Healthy school lunch efforts face daunting hurdles
By Lisa Baertlein
LOS ANGELES (Reuters) - School cafeteria meals like low-fat pizzas with whole grain crust don't taste too bad to Paola Villatoro, a 17-year-old at Downtown Magnet High School in Los Angeles.
"Some of it is pretty good," she said.
But West Adams Preparatory School student Alfredo Segura doesn't like them. "It tastes like prison food," said Segura, 16, as he and other students ate snacks at a fast-food joint near the school.
Los Angeles Unified School District is an anti-junk-food pioneer, but the obstacles it faces show how difficult it is to change habits shaped by decades of unhealthy eating promoted by the mammoth fast-food industry.
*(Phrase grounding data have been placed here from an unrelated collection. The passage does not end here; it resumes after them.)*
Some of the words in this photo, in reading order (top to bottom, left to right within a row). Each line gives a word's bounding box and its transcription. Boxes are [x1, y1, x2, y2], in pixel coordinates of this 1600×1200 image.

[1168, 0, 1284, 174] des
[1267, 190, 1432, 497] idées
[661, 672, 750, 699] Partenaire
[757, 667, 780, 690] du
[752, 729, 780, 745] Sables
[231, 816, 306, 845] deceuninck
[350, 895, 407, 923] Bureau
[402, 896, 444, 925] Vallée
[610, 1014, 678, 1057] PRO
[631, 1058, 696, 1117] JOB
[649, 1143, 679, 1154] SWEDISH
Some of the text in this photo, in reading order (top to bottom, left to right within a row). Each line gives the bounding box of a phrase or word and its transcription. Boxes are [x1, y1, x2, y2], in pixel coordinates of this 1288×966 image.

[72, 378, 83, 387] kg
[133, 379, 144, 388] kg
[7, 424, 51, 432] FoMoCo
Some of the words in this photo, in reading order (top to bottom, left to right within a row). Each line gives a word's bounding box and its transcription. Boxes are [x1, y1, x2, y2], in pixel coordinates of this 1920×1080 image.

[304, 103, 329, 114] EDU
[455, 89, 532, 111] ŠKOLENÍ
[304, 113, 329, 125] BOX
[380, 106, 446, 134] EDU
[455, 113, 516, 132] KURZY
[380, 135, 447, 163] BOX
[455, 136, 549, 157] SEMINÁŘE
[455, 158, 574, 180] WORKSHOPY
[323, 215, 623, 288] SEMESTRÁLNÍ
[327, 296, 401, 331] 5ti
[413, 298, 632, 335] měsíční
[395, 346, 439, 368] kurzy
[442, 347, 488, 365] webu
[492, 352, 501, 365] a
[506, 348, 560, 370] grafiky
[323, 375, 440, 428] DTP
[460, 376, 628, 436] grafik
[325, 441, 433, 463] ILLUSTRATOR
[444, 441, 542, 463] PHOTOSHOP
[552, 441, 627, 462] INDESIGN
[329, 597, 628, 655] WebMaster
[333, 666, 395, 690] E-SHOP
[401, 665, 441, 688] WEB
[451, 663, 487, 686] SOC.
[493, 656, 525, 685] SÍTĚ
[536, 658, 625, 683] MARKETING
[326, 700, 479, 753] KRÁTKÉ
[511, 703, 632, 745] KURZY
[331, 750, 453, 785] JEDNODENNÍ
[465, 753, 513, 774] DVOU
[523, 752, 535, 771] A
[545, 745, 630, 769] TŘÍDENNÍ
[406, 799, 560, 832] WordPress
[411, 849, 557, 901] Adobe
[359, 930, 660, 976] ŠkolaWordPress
The district's food services department has thrown out deep-fat fryolators, added more fresh foods and reduced sodium in cafeteria meals. It also has outlawed sugary sodas and banished junk food vending machines on campus.
But enforcement has been spotty and fast-food chains and convenience stores wait outside school gates, eager to provide students with a fix.
Even though she likes some of the school meals, Villatoro joins friends for weekly lunches at a fast-food outlet across from the school.
The number of U.S. fast-food restaurants exploded to about 220,000 in 2001 from 30,000 in 1970. And over the last three decades, spending on fast food hit $110 billion from $6 billion, according the public-health focused nonprofit Trust for America's Health and the Robert Wood Johnson Foundation. Continued...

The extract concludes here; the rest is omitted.